(Stored data)

◇ ◇ ◇ ◇

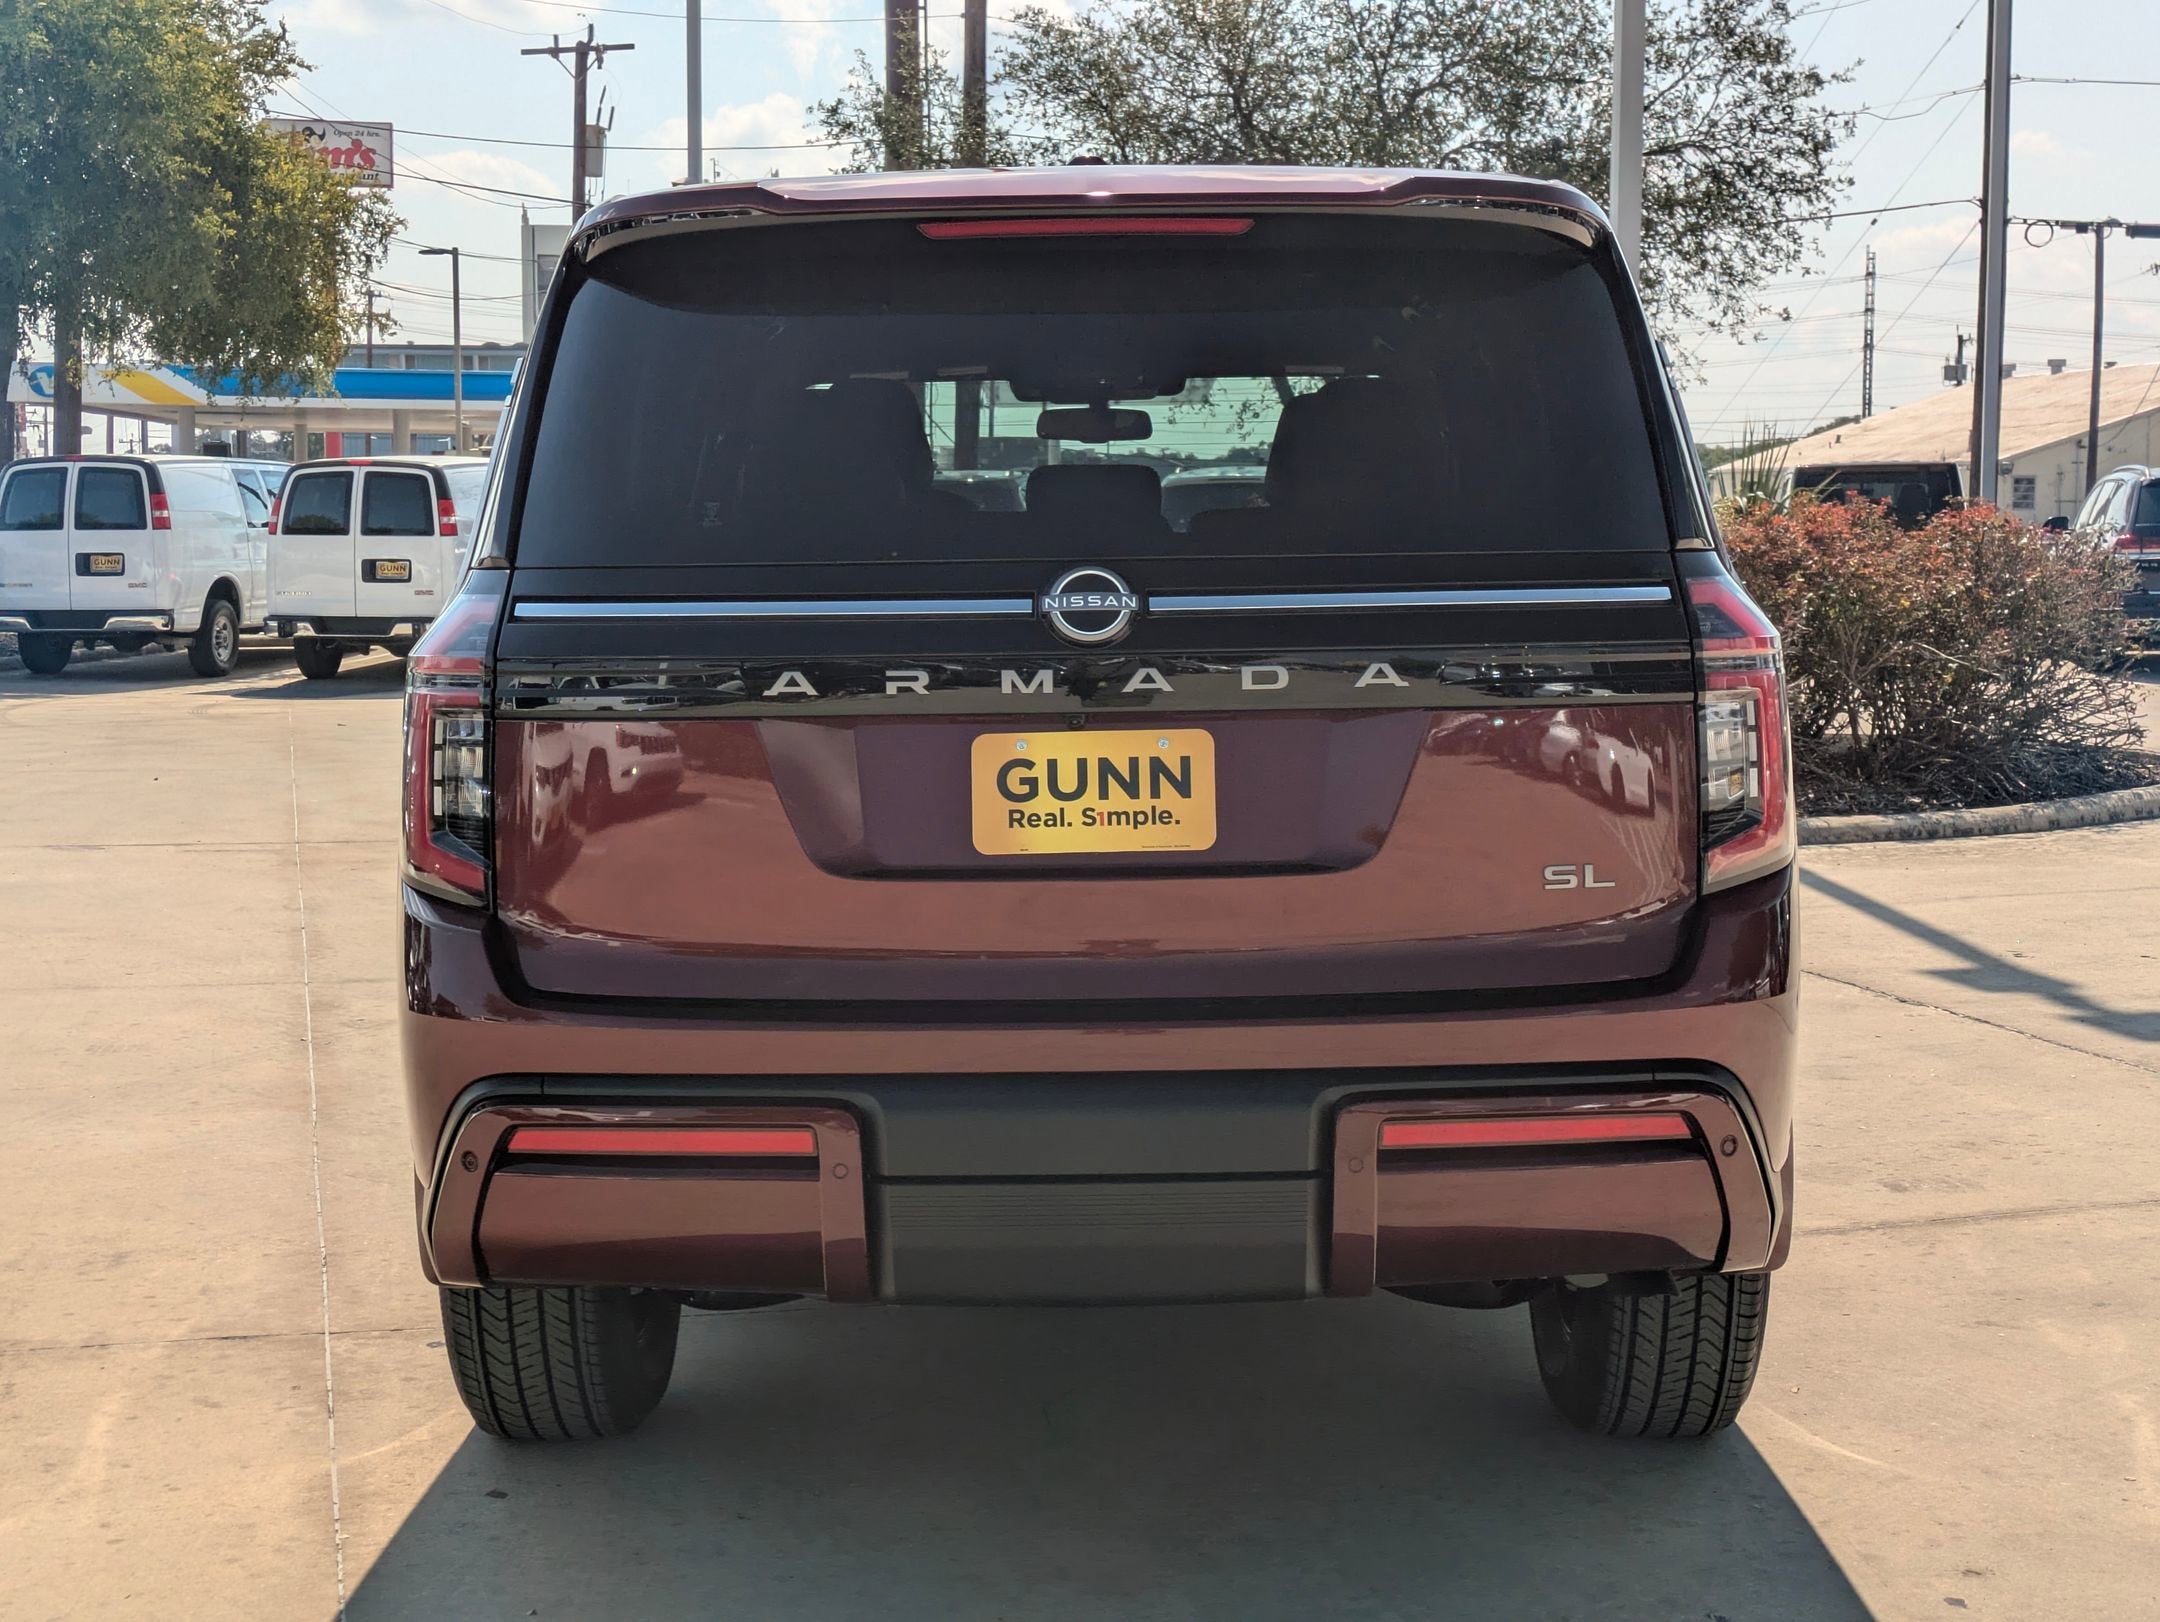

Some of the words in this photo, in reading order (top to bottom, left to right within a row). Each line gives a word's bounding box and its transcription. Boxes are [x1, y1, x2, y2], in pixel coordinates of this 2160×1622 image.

[333, 129, 353, 138] Open
[94, 558, 120, 566] GUNN
[380, 564, 406, 572] GUNN
[1045, 595, 1136, 609] NISSAN
[762, 663, 1410, 697] ARMADA
[996, 755, 1192, 803] GUNN
[1008, 807, 1073, 829] Real.
[1544, 864, 1616, 890] SL
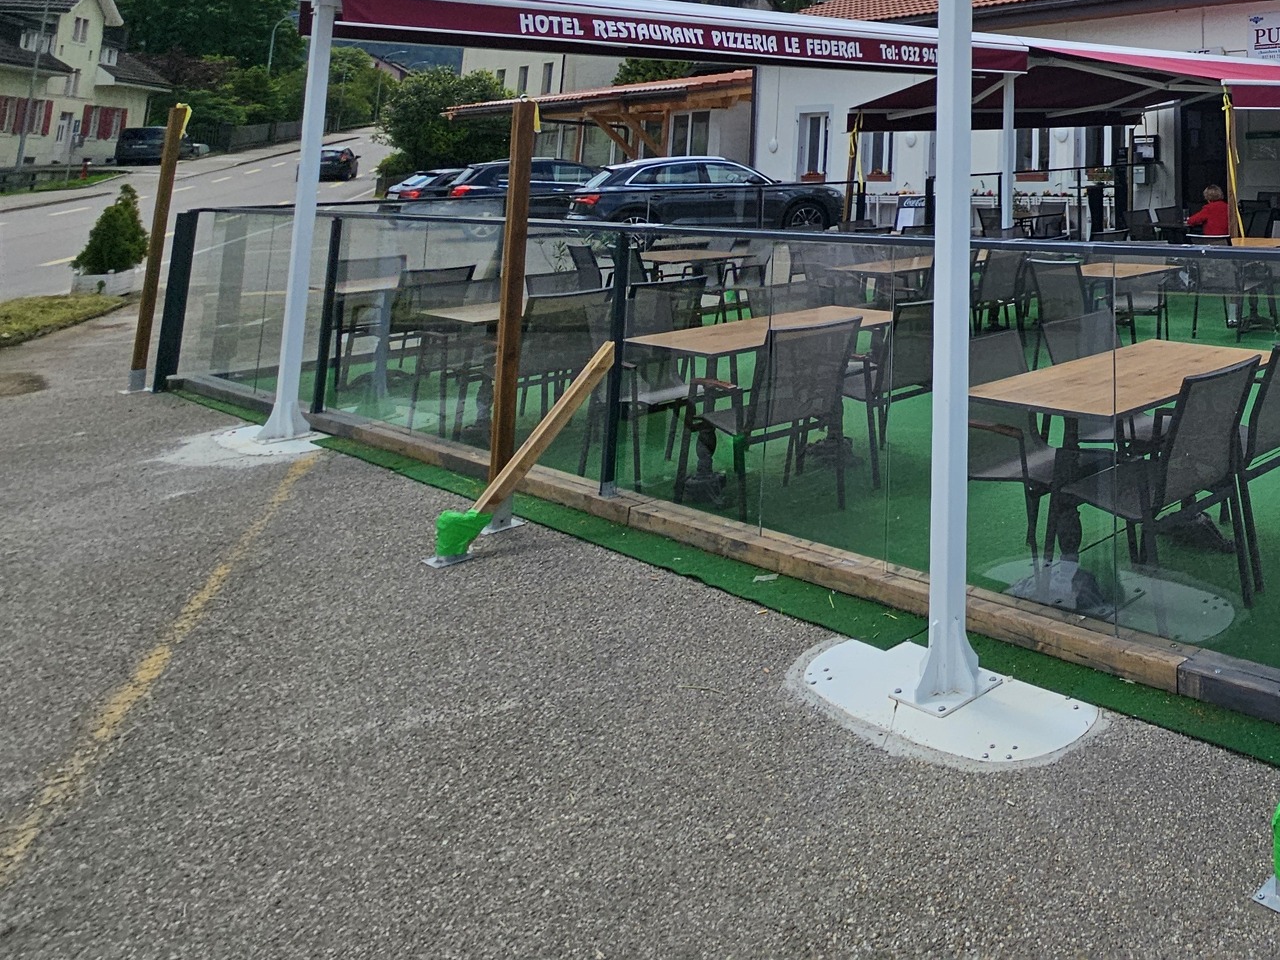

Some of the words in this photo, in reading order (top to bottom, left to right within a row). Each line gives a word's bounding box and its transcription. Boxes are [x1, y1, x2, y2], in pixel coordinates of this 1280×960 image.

[519, 13, 584, 36] HOTEL
[592, 19, 704, 45] RESTAURANT
[711, 30, 778, 53] PIZZERIA
[784, 36, 800, 54] LE
[806, 38, 863, 59] FEDERAL
[879, 43, 899, 61] Tel:
[901, 45, 920, 62] 032

◇ ◇ ◇ ◇

Only the lines from the one containing "this 1280×960 image." through the last line of the records are to be set down, exactly as they appear.

**ANSWER TO THE PROBLEM:**
Some of the words in this photo, in reading order (top to bottom, left to right within a row). Each line gives a word's bounding box and its transcription. Boxes are [x1, y1, x2, y2], in pixel coordinates of this 1280×960 image.

[519, 13, 584, 36] HOTEL
[592, 19, 704, 45] RESTAURANT
[711, 30, 778, 53] PIZZERIA
[784, 36, 800, 54] LE
[806, 38, 863, 59] FEDERAL
[879, 43, 899, 61] Tel:
[901, 45, 920, 62] 032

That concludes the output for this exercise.